Jesus is speaking about structural injustice.  If your poor, the system works against you.  I taught financial management classes in a shelter program for eight years, and I saw how unforgiving the system is.  How do you manage a standard NY State welfare grant of $358 a month? Imagine being homeless and your goal is to get a job and an apartment.  You have to pay for your basic needs like clothes and transportation and save for a security deposit.  If you had any debt, you might be accumulating 20 percent interest. Getting an education requires a loan. If you are on probation or parole you have to pay a monthly fee.  And if you have a bank overdraft, that $30 just blew 10 percent of your monthly income. Some people get rich off the poor, through pay day loans, predatory lending, and credit cards.  Remember the reason Ferguson, Missouri quickly exploded after a deadly confrontation on the streets was a system where municipal government was funded through excessive use of violations and court fees that kept people poor and feeling harassed.  That is Jesus’s two cents about economic exploitation.

 

Then we come to what we would call Stewardship Sunday.  They didn’t have ushers with offering plates to allow you to slip in a few bills anonymously.  Instead, you had to go up to the altar, carrying your coinage and put it out there before God and congregation.  There was no paper money or checks, so the wealthiest givers had servants along to carry all the heavy bags of precious metal coins.  It must have been a real “who’s who” in Jerusalem event.

 

As the disciples are watching the wealth of Jerusalem pouring into the Temple treasury, Jesus says,

 

Wow, did you see that?  The most precious gift of the whole day!

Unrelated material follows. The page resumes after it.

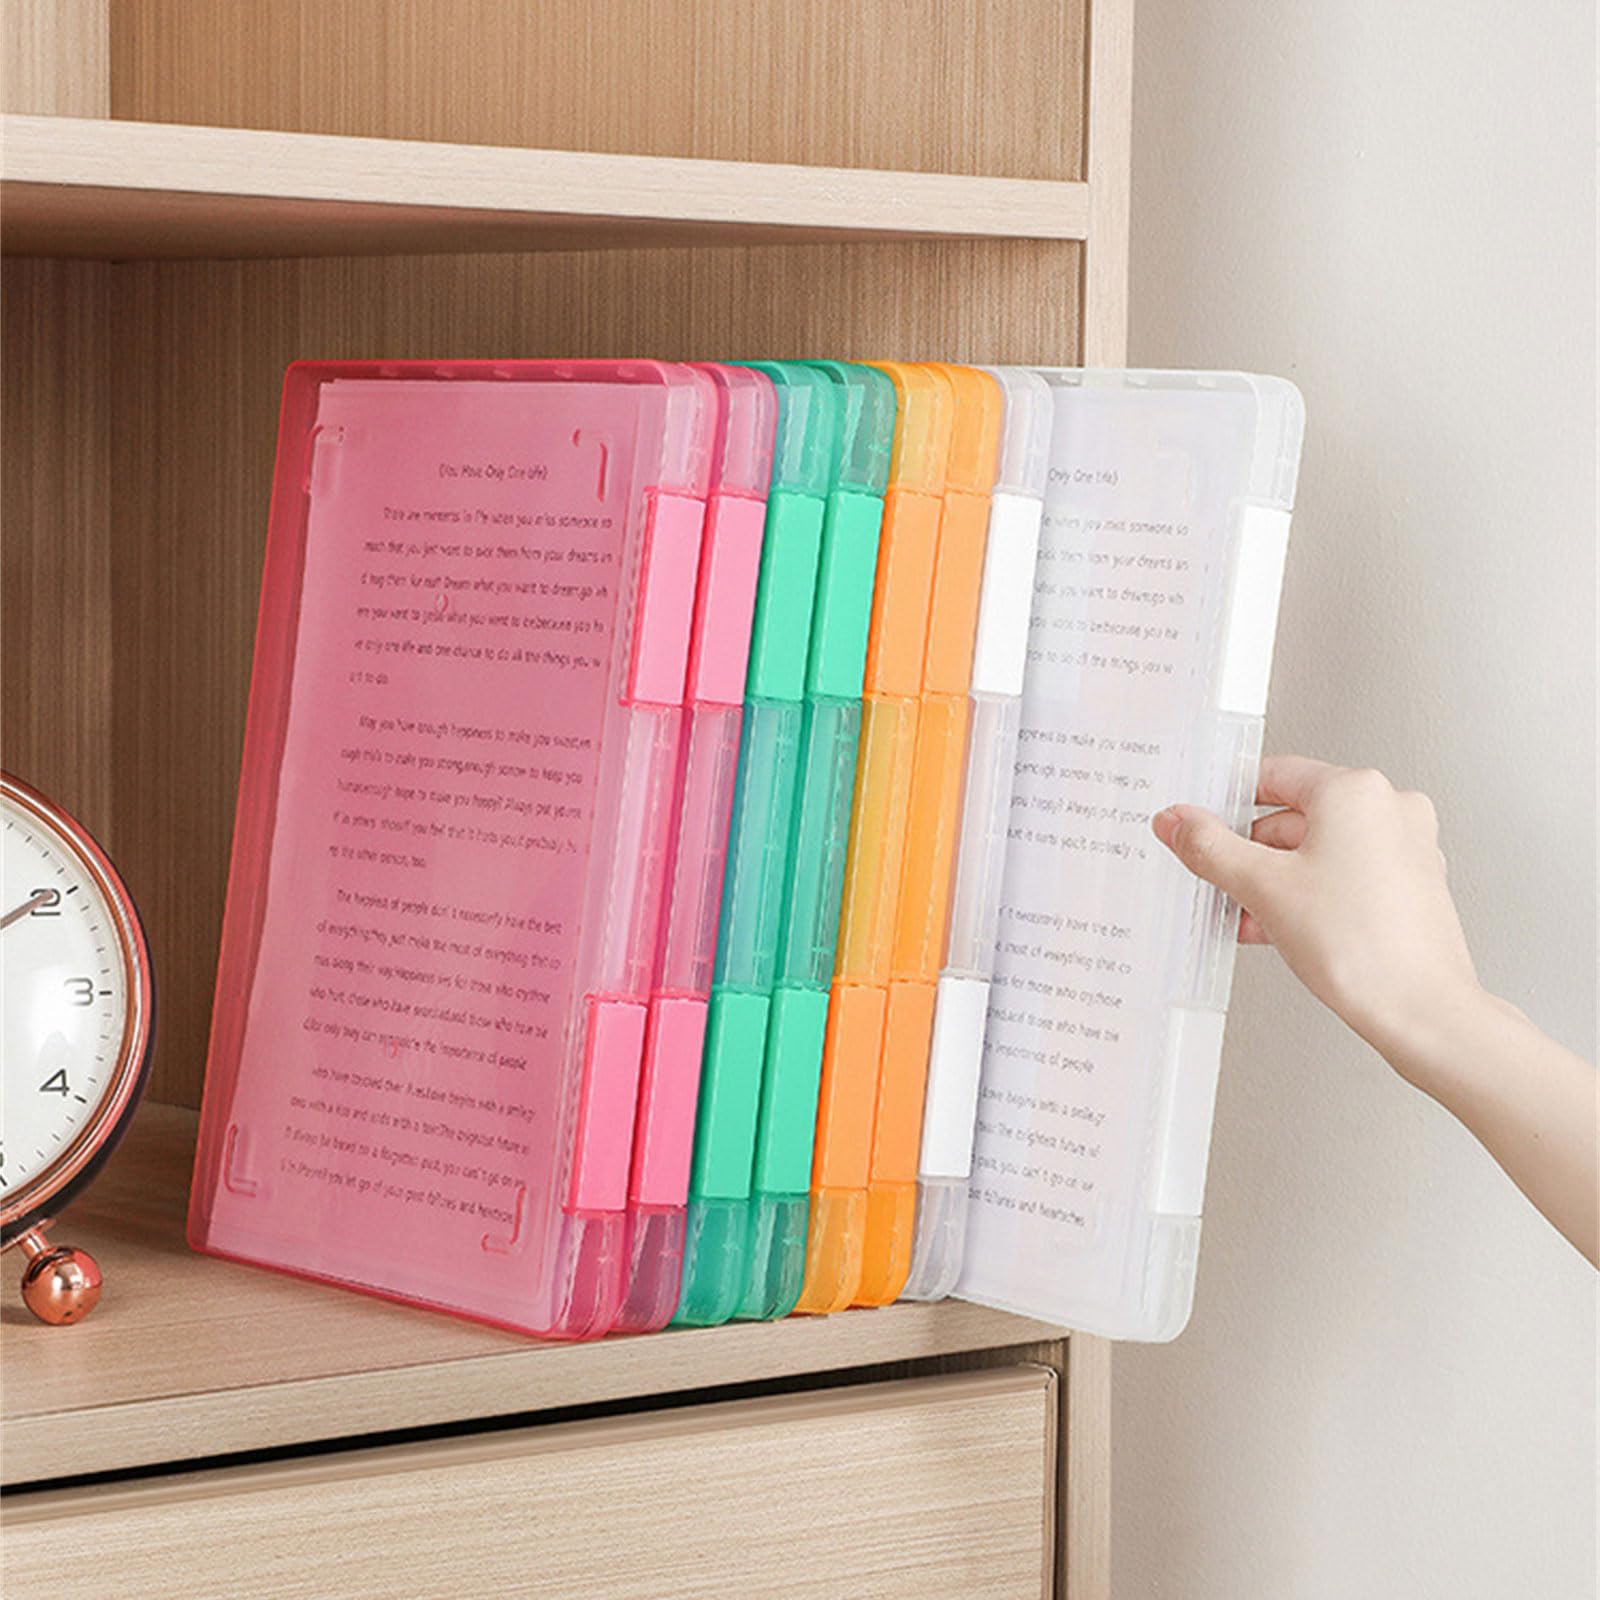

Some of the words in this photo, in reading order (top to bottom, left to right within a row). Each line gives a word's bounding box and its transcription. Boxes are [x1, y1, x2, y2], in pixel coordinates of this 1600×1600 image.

[30, 888, 62, 917] 2
[64, 977, 94, 1006] 3
[39, 1068, 70, 1097] 4

Where, where? The disciples look around anxiously for a glimpse.  

Right there, that women who just left the altar.

What?  You mean that bag lady?  Who is she, the miserly millionaire next door?  Where are her servants that carried such a large sum?

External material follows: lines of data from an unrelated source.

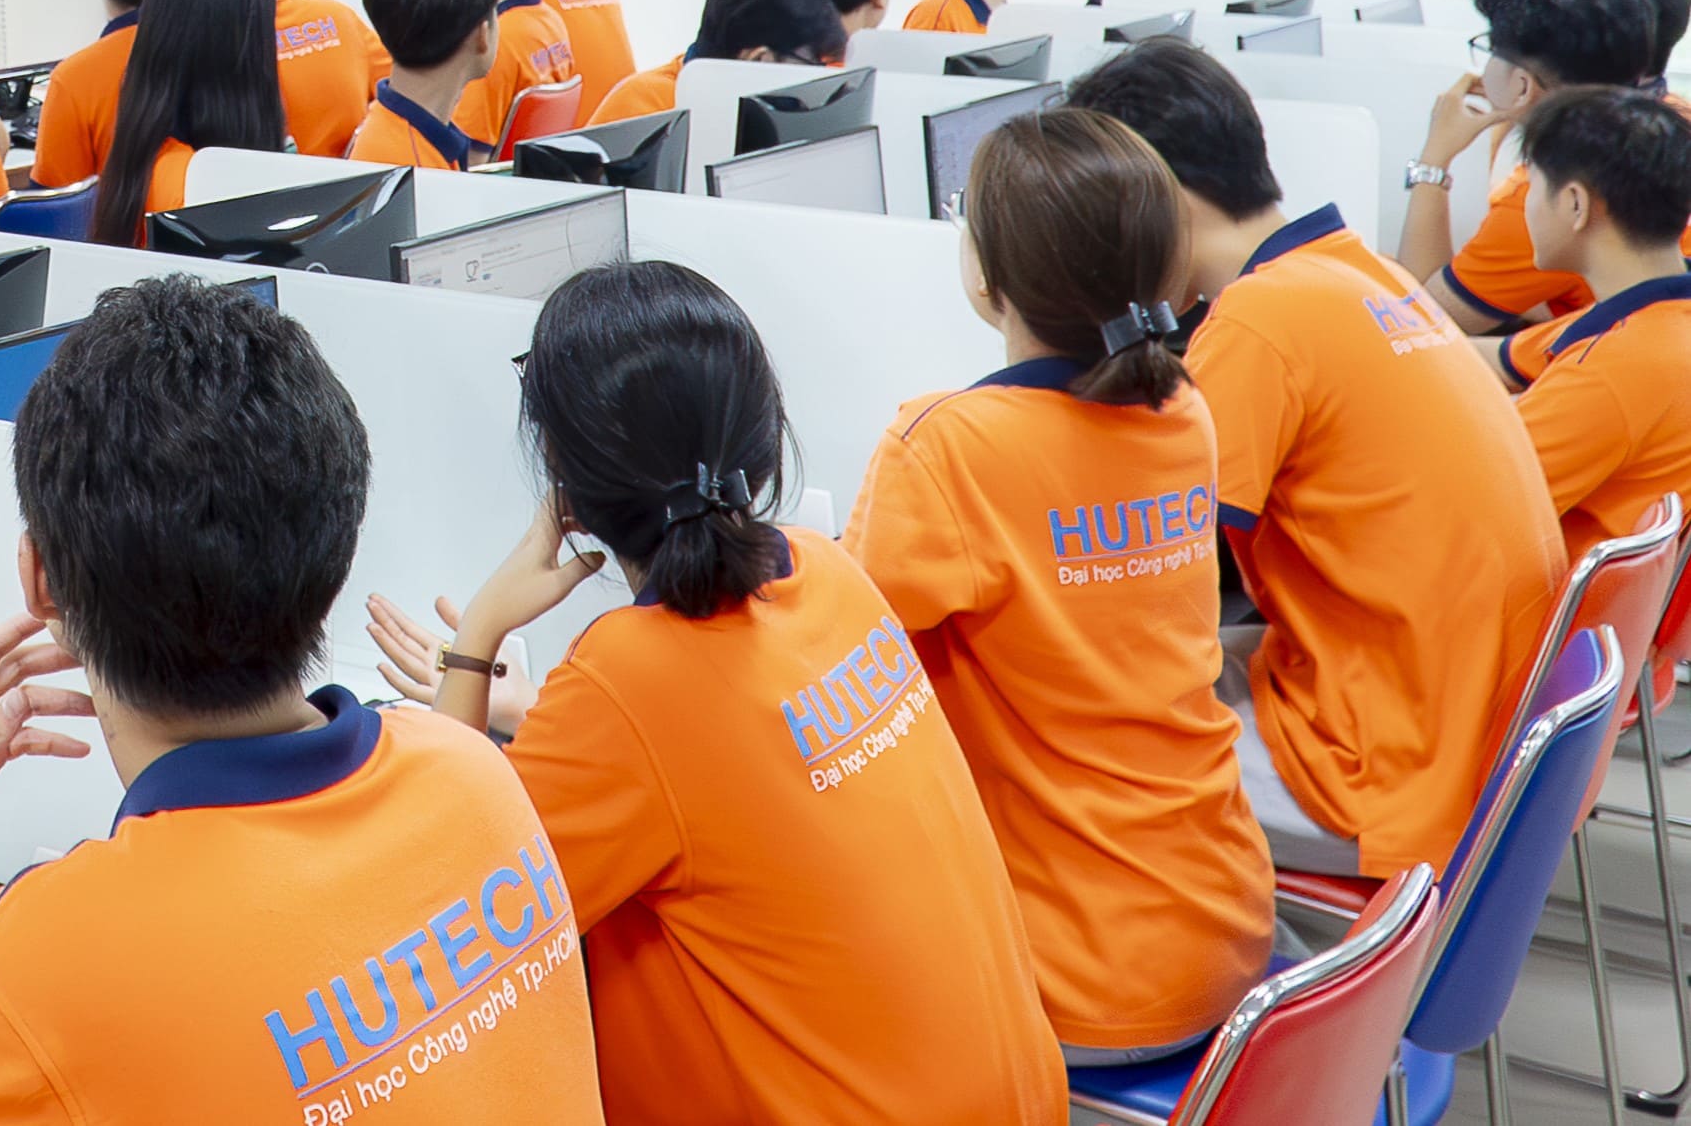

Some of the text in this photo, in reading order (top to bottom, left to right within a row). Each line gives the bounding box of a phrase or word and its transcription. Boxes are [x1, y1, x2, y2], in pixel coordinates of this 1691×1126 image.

[276, 16, 338, 50] TECH
[810, 761, 843, 793] Đại
[838, 749, 868, 777] học
[862, 726, 898, 758] Công
[263, 834, 568, 1091] HUTECH
[304, 1089, 354, 1126] Đại
[355, 1065, 407, 1107] học
[408, 1022, 469, 1077] Công
[468, 977, 518, 1035] nghệ

No, you fish heads, you are missing the point.  She put in her last two copper coins.  In God’s eyes she was the greatest giver on Stewardship Sunday, because she gave not what she could afford, but all she had.

 

On the surface the disciples could understandably be skeptical of Jesus’s point.  Why is she giving her last two cents?  Wouldn’t it be more prudent for her to buy food?  According to the Gospels you could buy a roasted sparrow for a penny at the market, so she could have at least afforded a small meal.  Now she doesn’t have anything.  What is going to happen to her?  Where will her next meal come from?  Jesus doesn’t give her money, or send one of the disciples after her. Apparently he is content to make his point and let her walk.  I’m surprised Judas doesn’t have a fit.

 

Jesus could have used the moment to talk about how poor people are exploited by imposing an obligation to give to the Temple. You may think about televangelists who prey upon the poor rather than pray with the poor.  The message of the prosperity Gospel is – If you give, then God will come through and give you what you want. God will reward your faithfulness and make you rich.  But for the most part it just makes the Evangelist rich.

 

But Jesus goes in a different direction.  He has already made his point about structural injustice, and now he doesn’t turn the widow into an object lesson about rapacious scribes.  Instead he wants to emphasize her faith, her dignity, her courage.  Jesus does not see her giving because she is being exploited by religious propaganda.  In fact, she is not giving to the Temple at all, she is giving to God.

 

Perhaps she is giving out of gratitude.  That may sound crazy, after all she is poor and now has nothing, but who says you cannot be grateful for life even while you are poor. I remember sitting with a client in a transitional housing program.  He was a recovering alcoholic, a combat veteran with PTSD, a string of DWIs.  His morning routine was to write down his gratitudes.  He said, “First, I am glad to be alive, since I should be dead given everything I have done to myself.  Second, I’m glad to be sober.  Third, I’m glad I slept in a bed in a dry place.  I write down these three things every morning to remind myself how lucky I am. That’s how I stay sober and do what I need to do.”

 

This widow may indeed had her house devoured by scribes, but Jesus’s makes a point of lifting up her faithfulness.  She is fulfilling the great commandment he just taught in the previous verses.  Here is someone who loves God with all her heart, with all her mind, with all her soul. She loves God down to her last two pennies.

 

What is the real message of the whole of this text? Here are my two cents.  First, don’t be like the scribes, sucking up all the privilege for ourselves, not realizing how others don’t have the privileges we may have, maybe we are even judging them.  In fact, sometimes privilege is based on injustice. Faith must pay attention to political and economic reality or it is just hollow piety.

 

But faith is not just our politics.  It is also examining ourselves, developing a mindset of faith, walking in a daily relationship with God.  Here are two implications of the text for me this week.

 

Why do we do the good deeds we do?  Is it out of a sense of obligation?  Do we hope to gain prestige and recognition for ourselves? Or is it out of gratitude?  If I do things because I want to prove myself, or because I want to impress others, or just not look bad, it is hollow.  I wonder about what I am getting out of it. I wonder if I am doing enough, or if it has any value.  When I do things simply because I am grateful to God, and because it is right, I am much more free.  If I do something out of love I am free.  I don’t care if anyone thanks me.  I don’t ask so many questions about whether my efforts are worthy.  It is an act of love, freely given.

 

I have had several conversations recently with people wondering whether they are doing enough.  We see the huge problems, like climate change, the epic fires in California, and the resulting flood of refugees (which are more than 50 times the number of people in the so-called caravan from Honduras).  Does what I do matter?  It seems so small.  And then we get disheartened, and often stop doing anything because it seems worthless.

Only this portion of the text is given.